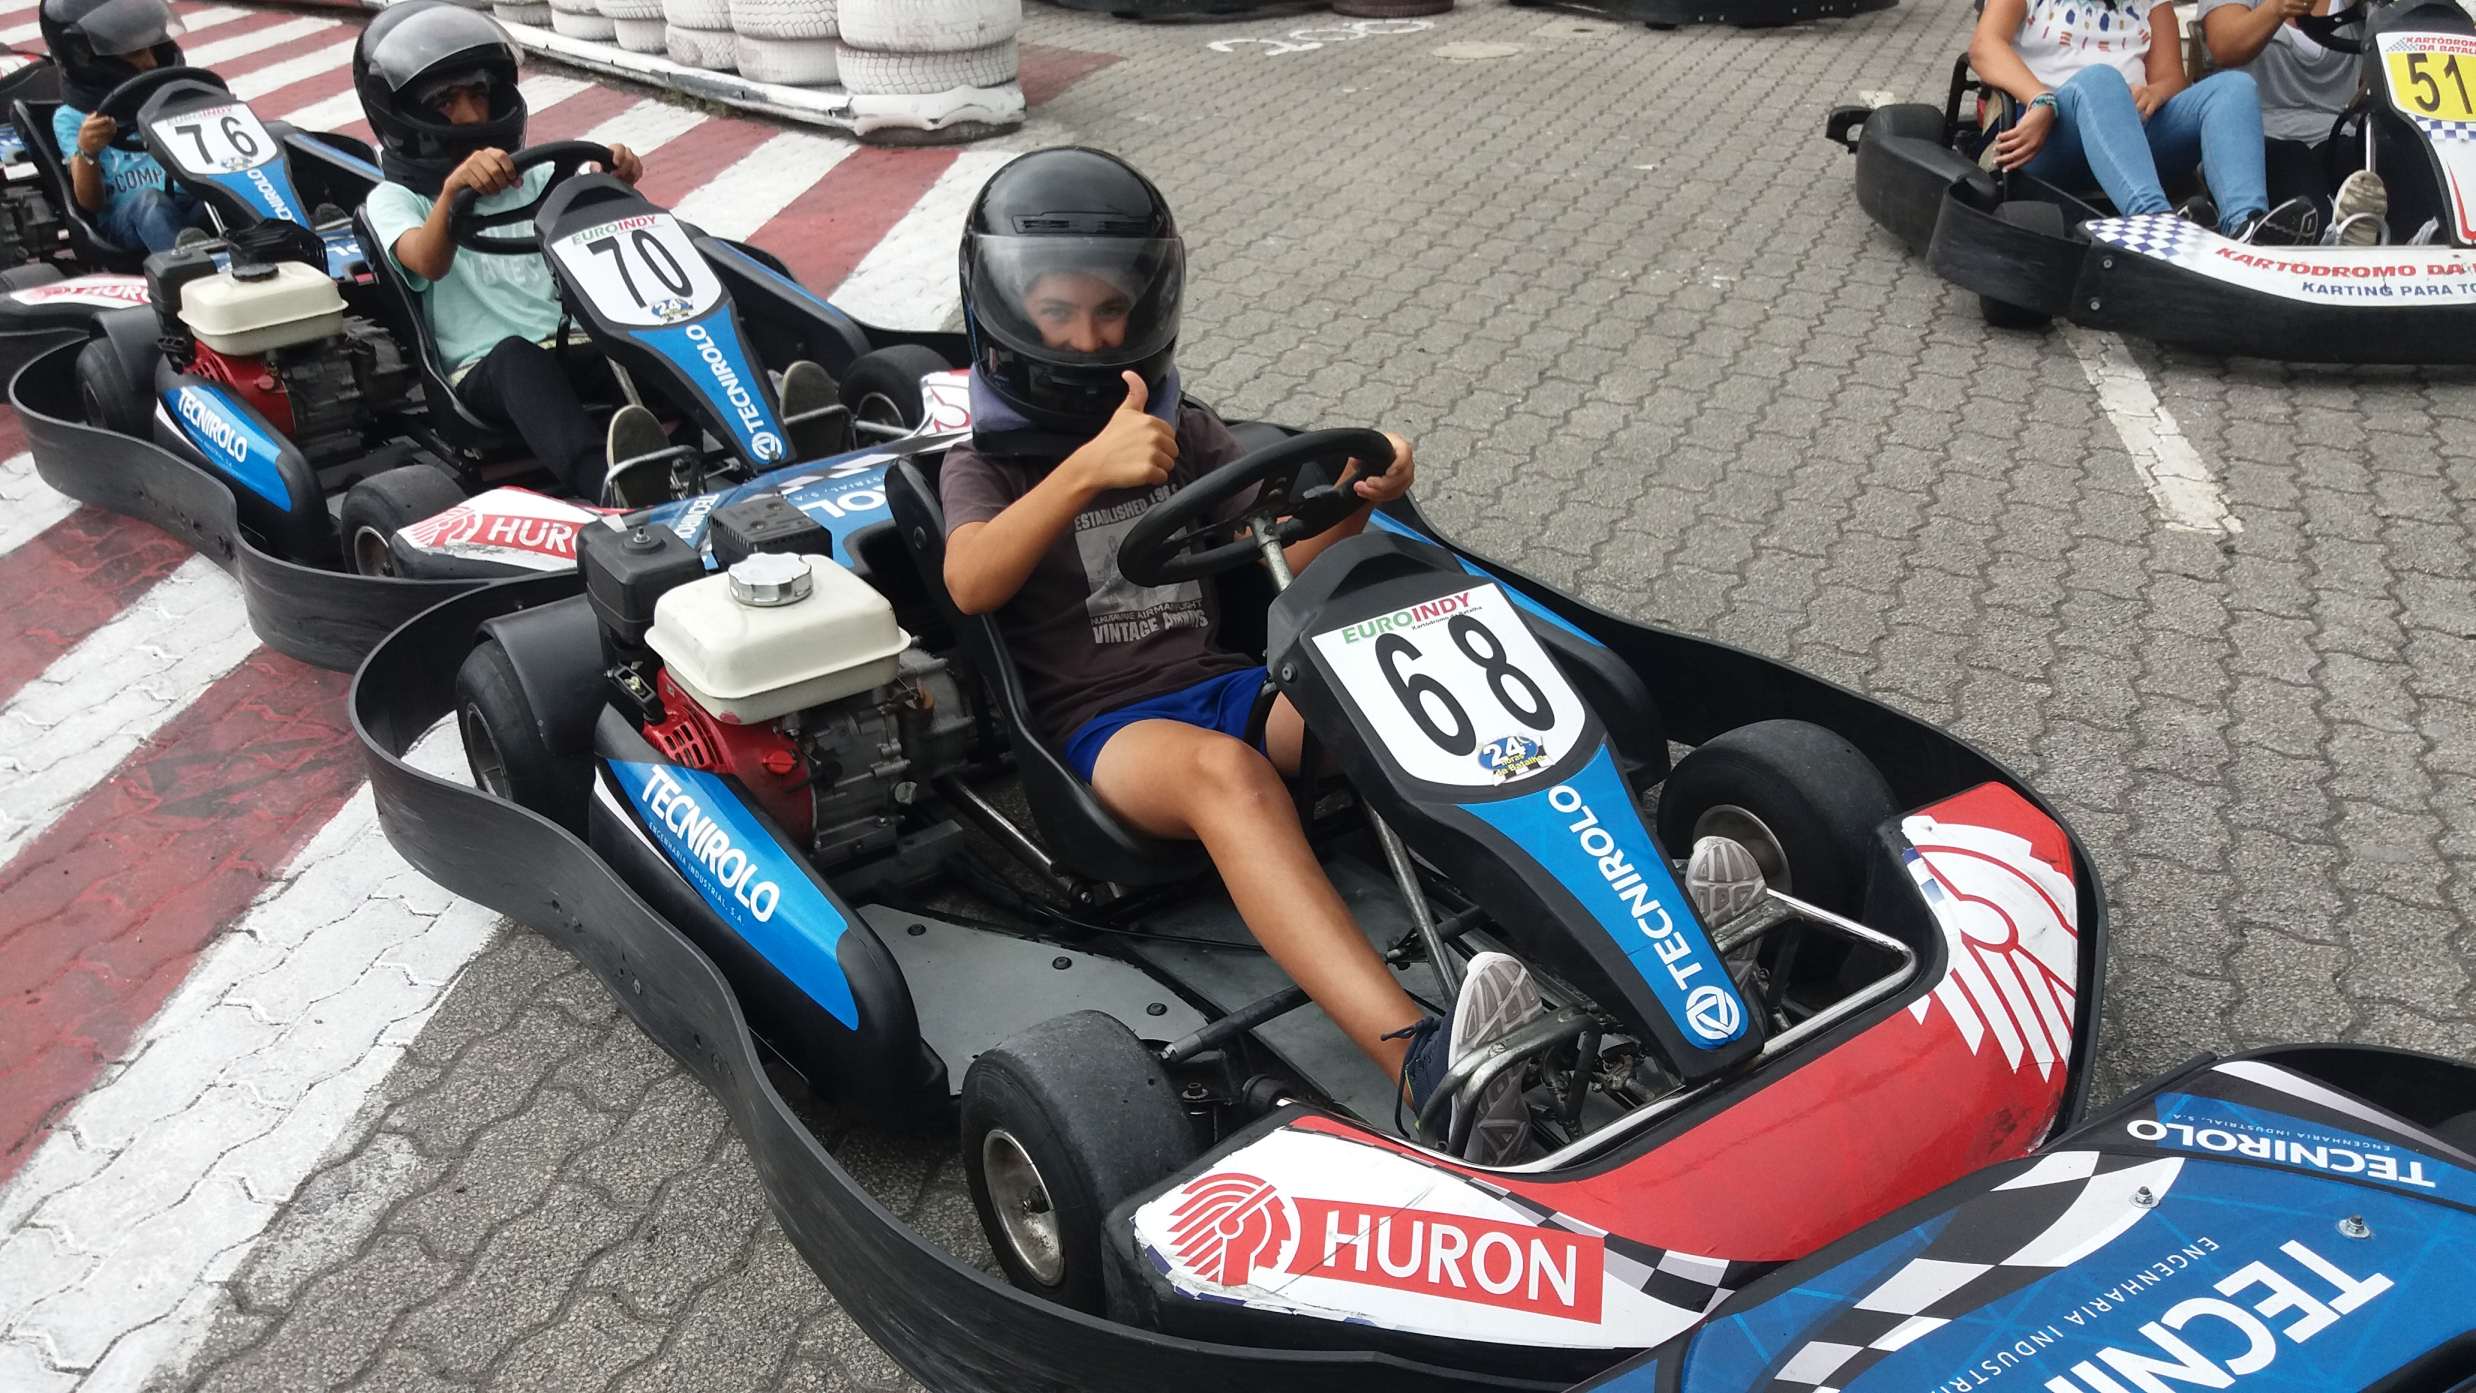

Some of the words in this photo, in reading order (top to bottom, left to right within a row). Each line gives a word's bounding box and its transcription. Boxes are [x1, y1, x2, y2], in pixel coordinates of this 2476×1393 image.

[2439, 46, 2476, 55] BATAL
[2407, 52, 2473, 114] 51
[175, 116, 259, 165] 76
[571, 216, 657, 246] EUROINDY
[586, 229, 693, 308] 70
[2302, 281, 2393, 297] KARTING
[2400, 284, 2453, 297] PARA
[2427, 263, 2465, 275] DA
[685, 324, 764, 434] TECNIROLO
[178, 386, 248, 463] TECNIROLO
[487, 517, 578, 553] HUR
[1074, 498, 1149, 531] ESTABLISHED
[1092, 617, 1161, 643] VINTAGE
[1342, 592, 1471, 644] EUROINDY
[1374, 612, 1555, 756] 68
[1483, 736, 1526, 767] 24
[642, 764, 780, 923] TECNIROLO
[649, 821, 686, 865] ENGENHARIA
[1548, 785, 1703, 991] TECNIROLO
[2126, 1119, 2436, 1188] TECNIROLO
[2296, 1132, 2391, 1151] ENGENHARIA
[1324, 1209, 1577, 1307] HURON
[2065, 1236, 2219, 1324] ENGENHARIA
[2044, 1239, 2395, 1393] TECNI
[1931, 1324, 2064, 1393] INDUSTRI
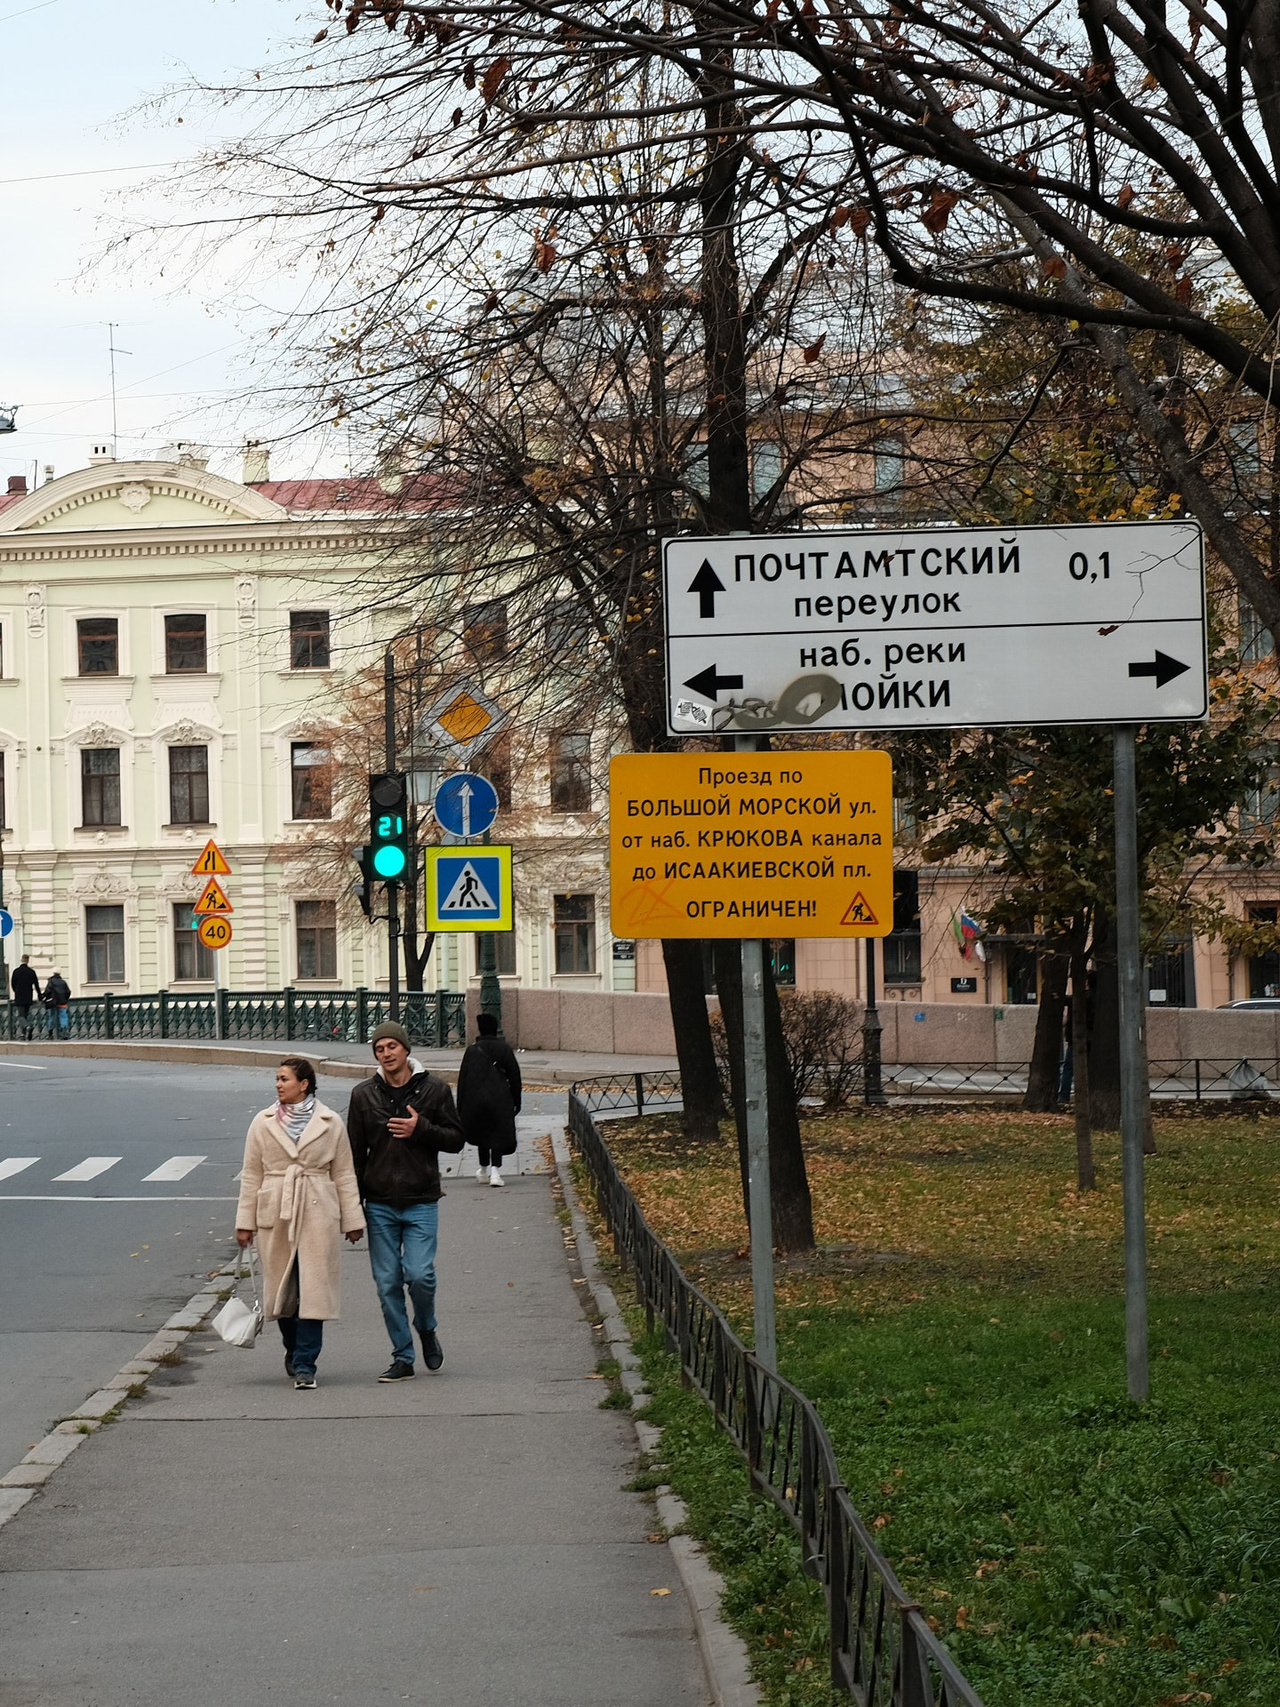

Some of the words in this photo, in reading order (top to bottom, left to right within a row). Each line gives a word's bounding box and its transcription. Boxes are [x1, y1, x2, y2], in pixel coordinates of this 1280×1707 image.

[733, 536, 1021, 583] ПОЧТАМТСКИЙ
[1068, 551, 1111, 584] 0,1
[793, 591, 963, 624] переулок
[799, 637, 873, 668] наб.
[883, 642, 967, 674] реки
[698, 767, 773, 789] Проезд
[779, 770, 804, 784] по
[626, 793, 731, 818] БОЛЬШОЙ
[738, 792, 842, 816] МОРСКОЙ
[848, 801, 877, 819] ул.
[378, 816, 403, 836] 21
[621, 834, 644, 849] от
[650, 830, 691, 849] наб.
[697, 829, 804, 848] КРЮКОВА
[811, 832, 883, 847] канала
[631, 866, 657, 882] до
[663, 855, 835, 880] ИСААКИЕВСКОЙ
[842, 865, 872, 878] пл.
[685, 899, 818, 919] ОГРАНИЧЕН!
[205, 925, 226, 939] 40

ASSIGNED TASK = Images do not belong in the copy; reproduce all other parts of the records above verbatim.

ANSWER TO THIS EXERCISE =
Some of the words in this photo, in reading order (top to bottom, left to right within a row). Each line gives a word's bounding box and its transcription. Boxes are [x1, y1, x2, y2], in pixel coordinates of this 2476×1393 image.

[2439, 46, 2476, 55] BATAL
[2407, 52, 2473, 114] 51
[175, 116, 259, 165] 76
[571, 216, 657, 246] EUROINDY
[586, 229, 693, 308] 70
[2302, 281, 2393, 297] KARTING
[2400, 284, 2453, 297] PARA
[2427, 263, 2465, 275] DA
[685, 324, 764, 434] TECNIROLO
[178, 386, 248, 463] TECNIROLO
[487, 517, 578, 553] HUR
[1074, 498, 1149, 531] ESTABLISHED
[1092, 617, 1161, 643] VINTAGE
[1342, 592, 1471, 644] EUROINDY
[1374, 612, 1555, 756] 68
[1483, 736, 1526, 767] 24
[642, 764, 780, 923] TECNIROLO
[649, 821, 686, 865] ENGENHARIA
[1548, 785, 1703, 991] TECNIROLO
[2126, 1119, 2436, 1188] TECNIROLO
[2296, 1132, 2391, 1151] ENGENHARIA
[1324, 1209, 1577, 1307] HURON
[2065, 1236, 2219, 1324] ENGENHARIA
[2044, 1239, 2395, 1393] TECNI
[1931, 1324, 2064, 1393] INDUSTRI

Some of the words in this photo, in reading order (top to bottom, left to right within a row). Each line gives a word's bounding box and its transcription. Boxes are [x1, y1, x2, y2], in pixel coordinates of this 1280×1707 image.

[733, 536, 1021, 583] ПОЧТАМТСКИЙ
[1068, 551, 1111, 584] 0,1
[793, 591, 963, 624] переулок
[799, 637, 873, 668] наб.
[883, 642, 967, 674] реки
[698, 767, 773, 789] Проезд
[779, 770, 804, 784] по
[626, 793, 731, 818] БОЛЬШОЙ
[738, 792, 842, 816] МОРСКОЙ
[848, 801, 877, 819] ул.
[378, 816, 403, 836] 21
[621, 834, 644, 849] от
[650, 830, 691, 849] наб.
[697, 829, 804, 848] КРЮКОВА
[811, 832, 883, 847] канала
[631, 866, 657, 882] до
[663, 855, 835, 880] ИСААКИЕВСКОЙ
[842, 865, 872, 878] пл.
[685, 899, 818, 919] ОГРАНИЧЕН!
[205, 925, 226, 939] 40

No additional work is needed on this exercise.